(WHAT YOU NEED TO DO): Keep the text of the data exactly as it is and omit each picture from the copy.

[Extracted records]
----
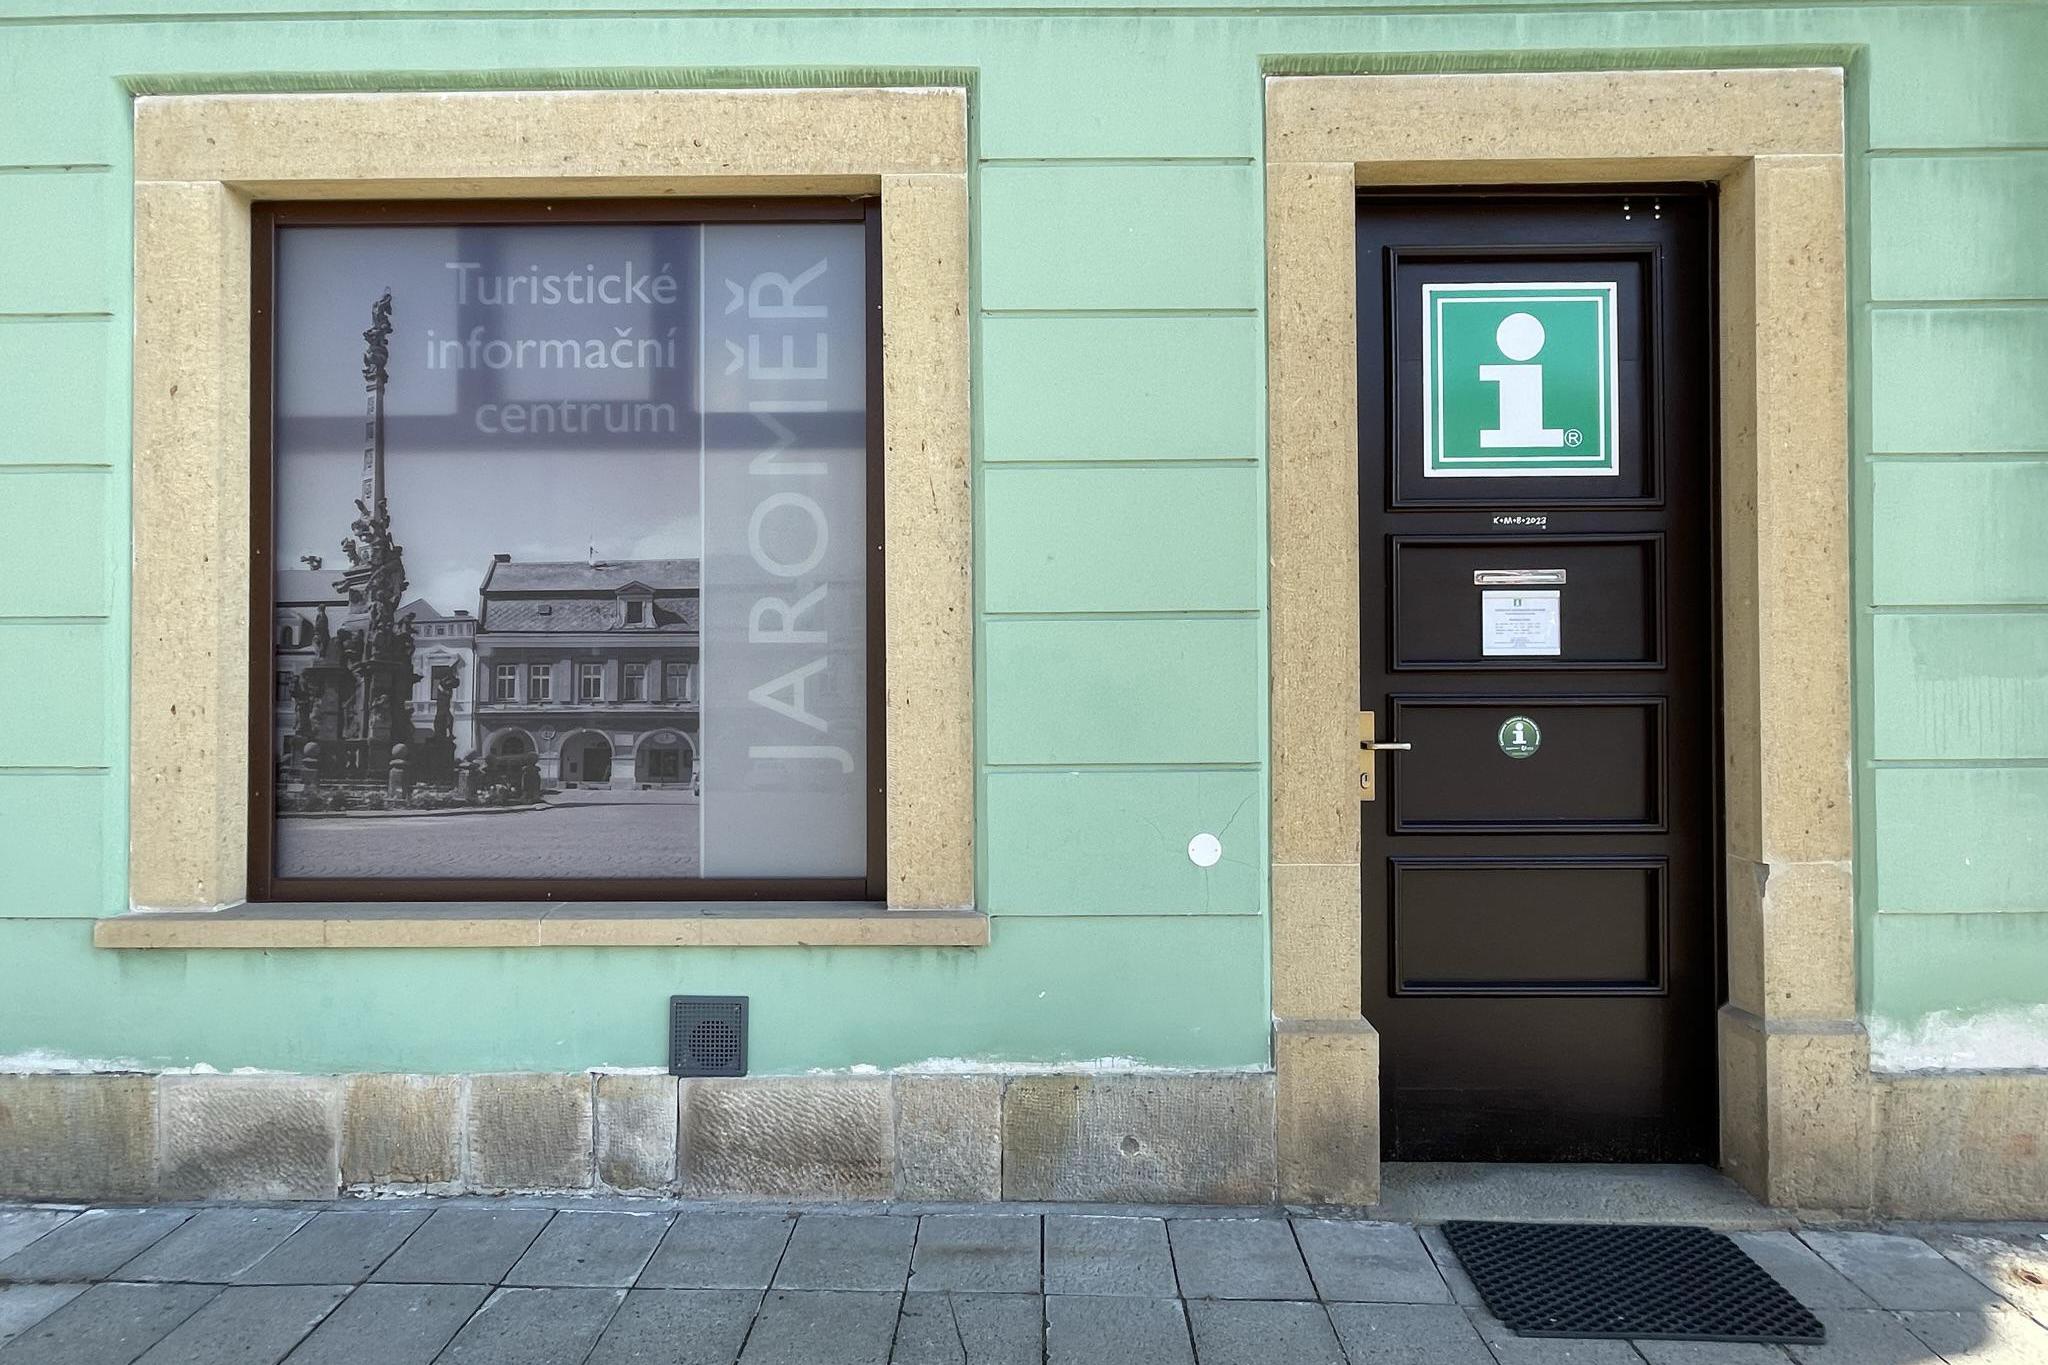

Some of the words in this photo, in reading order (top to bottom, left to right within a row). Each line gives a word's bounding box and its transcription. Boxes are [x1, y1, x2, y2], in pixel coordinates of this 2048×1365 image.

[445, 260, 679, 305] Turistické
[426, 325, 678, 369] informační
[474, 399, 678, 434] centrum
[724, 256, 855, 776] JAROMĚŘ
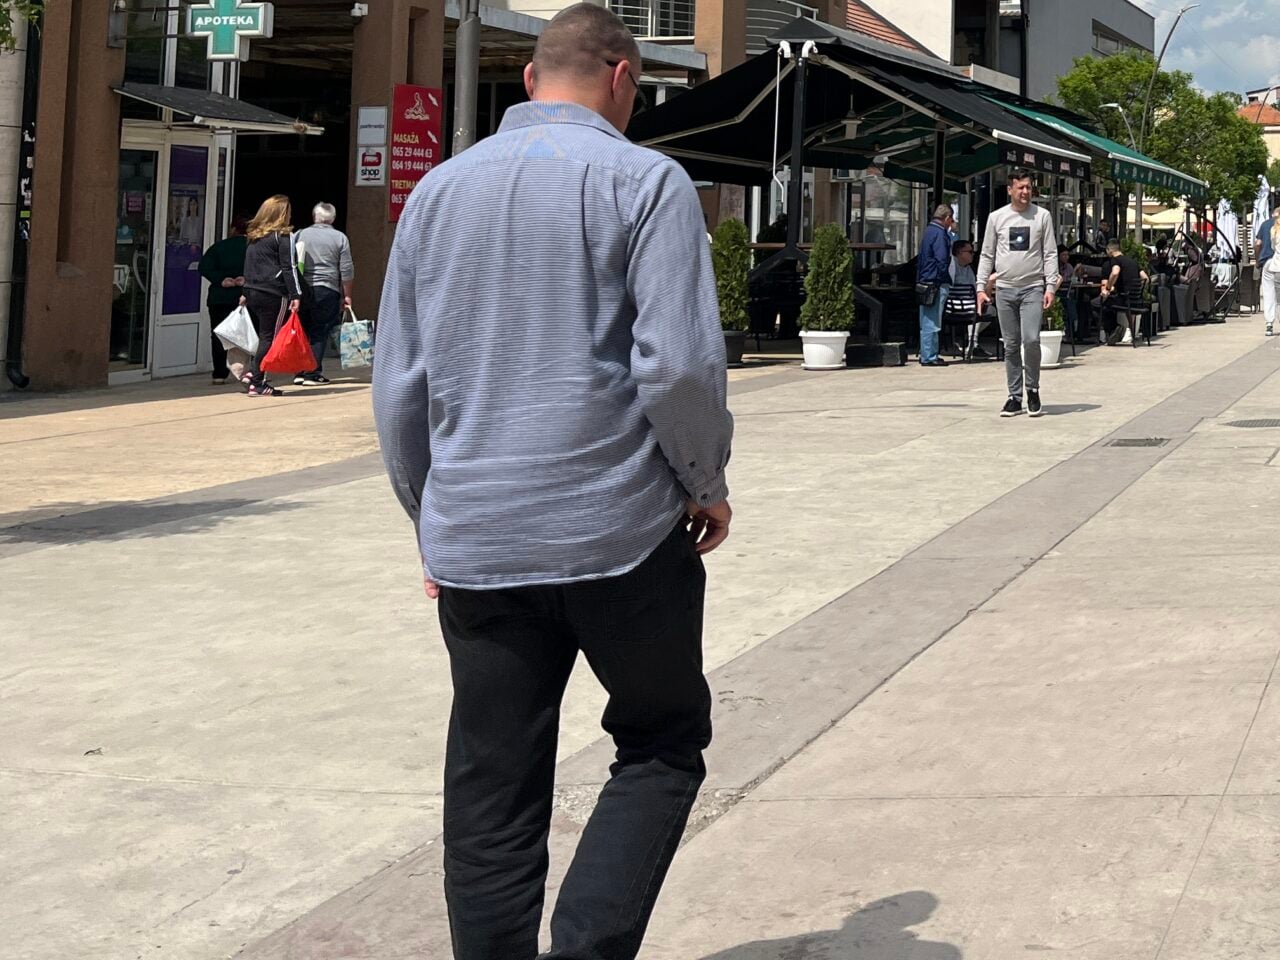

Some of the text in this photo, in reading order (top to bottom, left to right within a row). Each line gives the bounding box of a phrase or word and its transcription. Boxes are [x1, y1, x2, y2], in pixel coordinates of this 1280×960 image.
----
(RESPONSE BOX):
Some of the words in this photo, in reading order (top to bottom, left to right within a row). Each line gives a word's bounding box and its transcription. Boxes are [x1, y1, x2, y2], in pixel coordinates of this 2048×1365 image.

[445, 260, 679, 305] Turistické
[426, 325, 678, 369] informační
[474, 399, 678, 434] centrum
[724, 256, 855, 776] JAROMĚŘ

Some of the text in this photo, in reading order (top to bottom, left to right within a row). Each line gives the bounding box of a phrase or word and its transcription. Boxes are [x1, y1, x2, y2], in pixel coordinates of this 1280×960 image.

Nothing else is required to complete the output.